- Exercise details:
What is needed is an exact retyping of each entry, pictures excluded.

Data provided below:

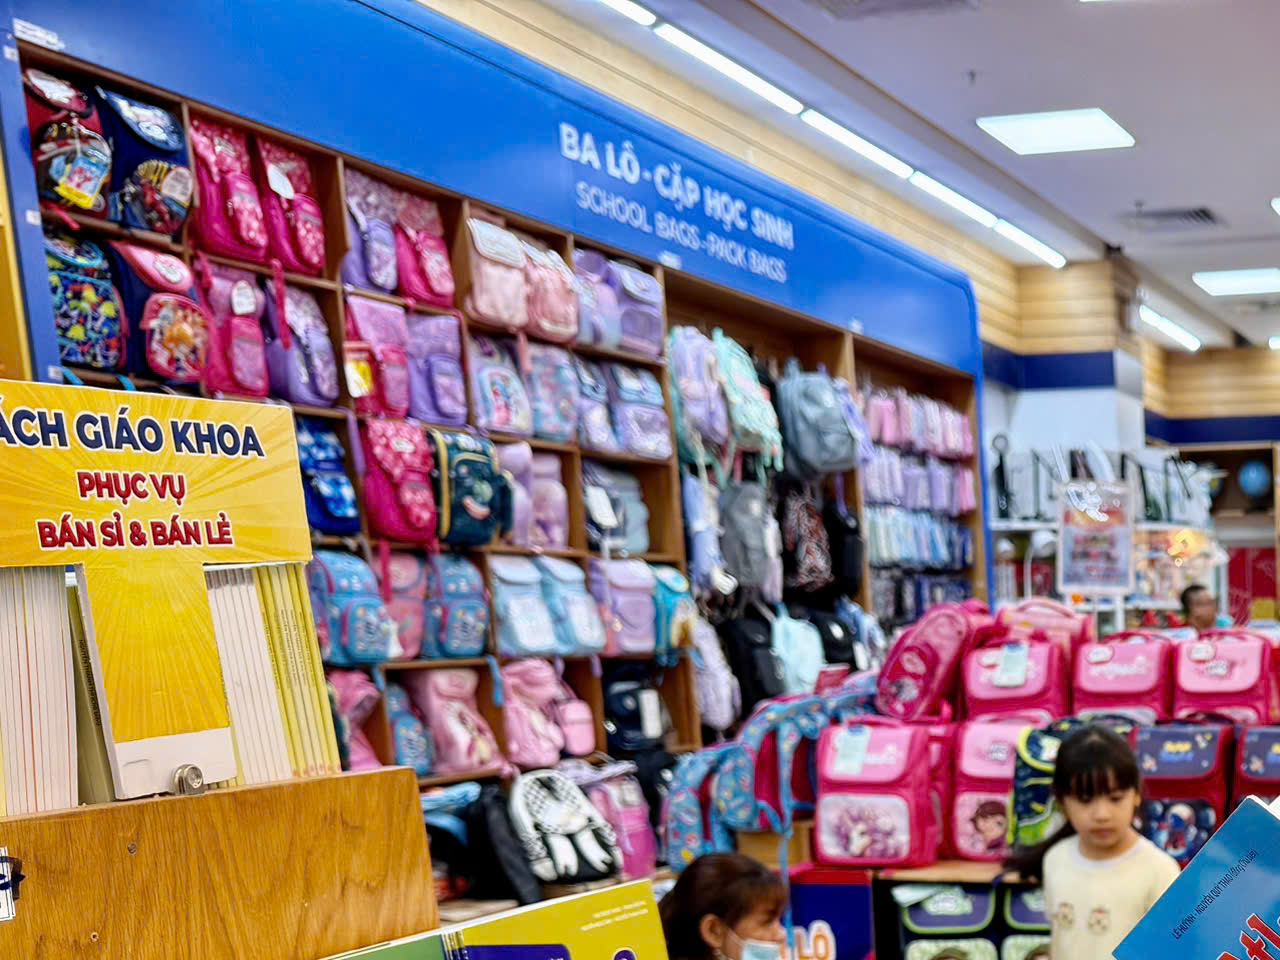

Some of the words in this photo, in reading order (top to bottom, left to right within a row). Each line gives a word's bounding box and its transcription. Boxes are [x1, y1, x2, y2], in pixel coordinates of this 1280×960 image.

[560, 122, 600, 169] BA
[605, 140, 640, 184] LÔ
[653, 162, 700, 212] CẶP
[703, 185, 747, 232] HỌC
[751, 207, 794, 250] SINH
[576, 181, 653, 232] SCHOOL
[76, 407, 163, 452] GIÁO
[171, 421, 264, 456] KHOA
[77, 472, 148, 504] PHỤC
[151, 474, 186, 505] VỤ
[37, 514, 96, 547] BÁN
[100, 512, 124, 546] SỈ
[130, 522, 146, 546] &
[151, 515, 201, 545] BÁN
[205, 513, 233, 544] LẺ
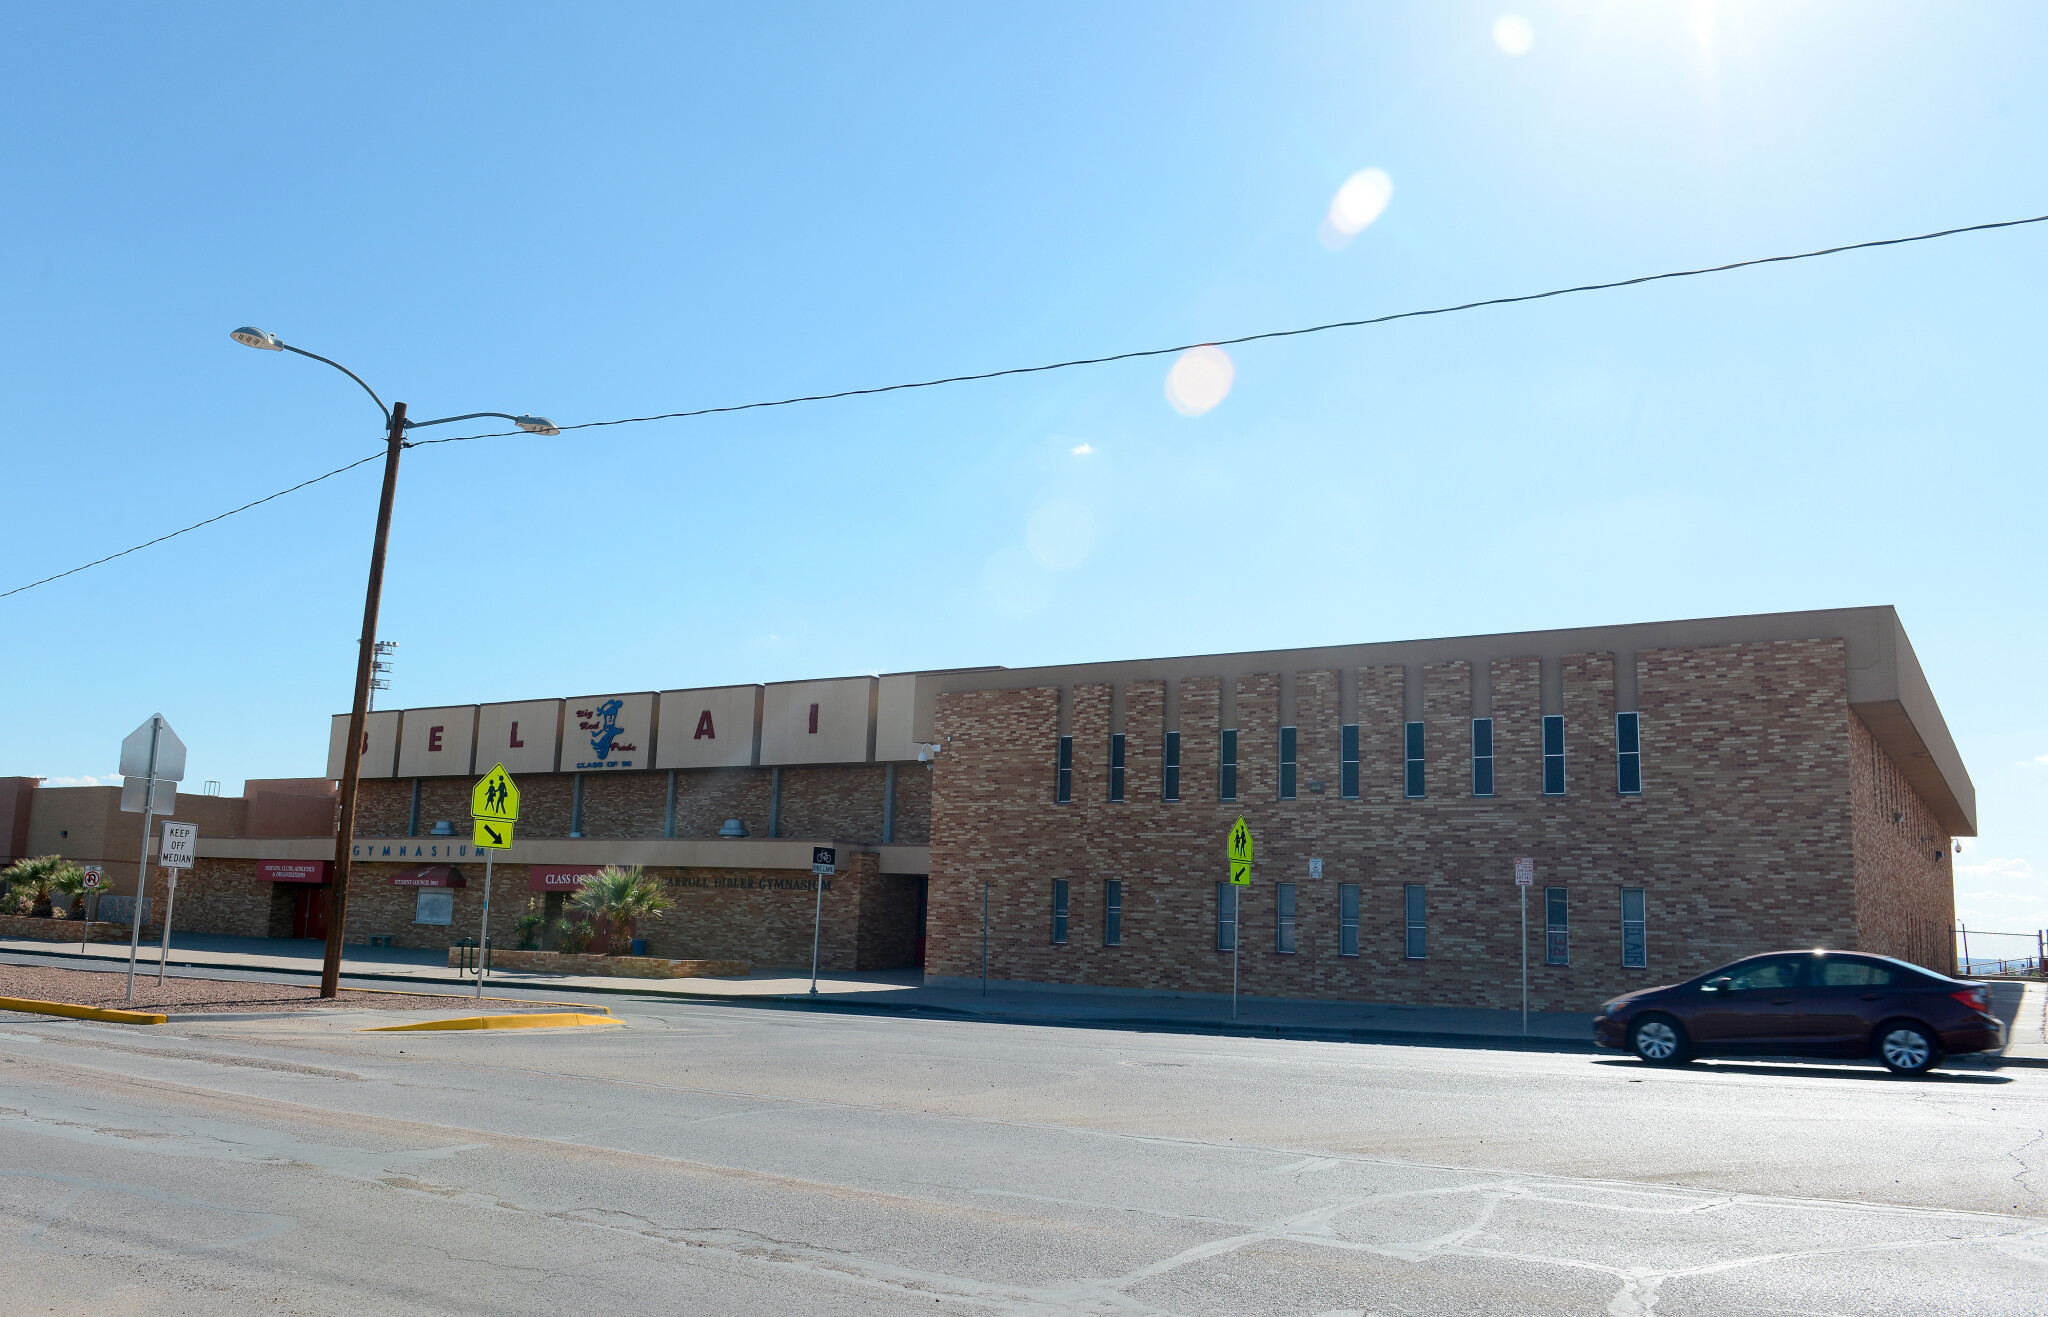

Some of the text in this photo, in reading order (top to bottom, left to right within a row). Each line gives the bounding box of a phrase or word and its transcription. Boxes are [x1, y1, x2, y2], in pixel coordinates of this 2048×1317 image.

End of Data provided.

- Worked solution:
Some of the words in this photo, in reading order (top to bottom, left to right within a row). Each line gives a word's bounding box and its transcription. Boxes are [x1, y1, x2, y2], in pixel coordinates of this 1280×960 image.

[560, 122, 600, 169] BA
[605, 140, 640, 184] LÔ
[653, 162, 700, 212] CẶP
[703, 185, 747, 232] HỌC
[751, 207, 794, 250] SINH
[576, 181, 653, 232] SCHOOL
[76, 407, 163, 452] GIÁO
[171, 421, 264, 456] KHOA
[77, 472, 148, 504] PHỤC
[151, 474, 186, 505] VỤ
[37, 514, 96, 547] BÁN
[100, 512, 124, 546] SỈ
[130, 522, 146, 546] &
[151, 515, 201, 545] BÁN
[205, 513, 233, 544] LẺ

Some of the text in this photo, in reading order (top to bottom, left to right within a row). Each line gives the bounding box of a phrase or word and its transcription. Boxes are [x1, y1, x2, y2], in pixel coordinates of this 2048×1317 image.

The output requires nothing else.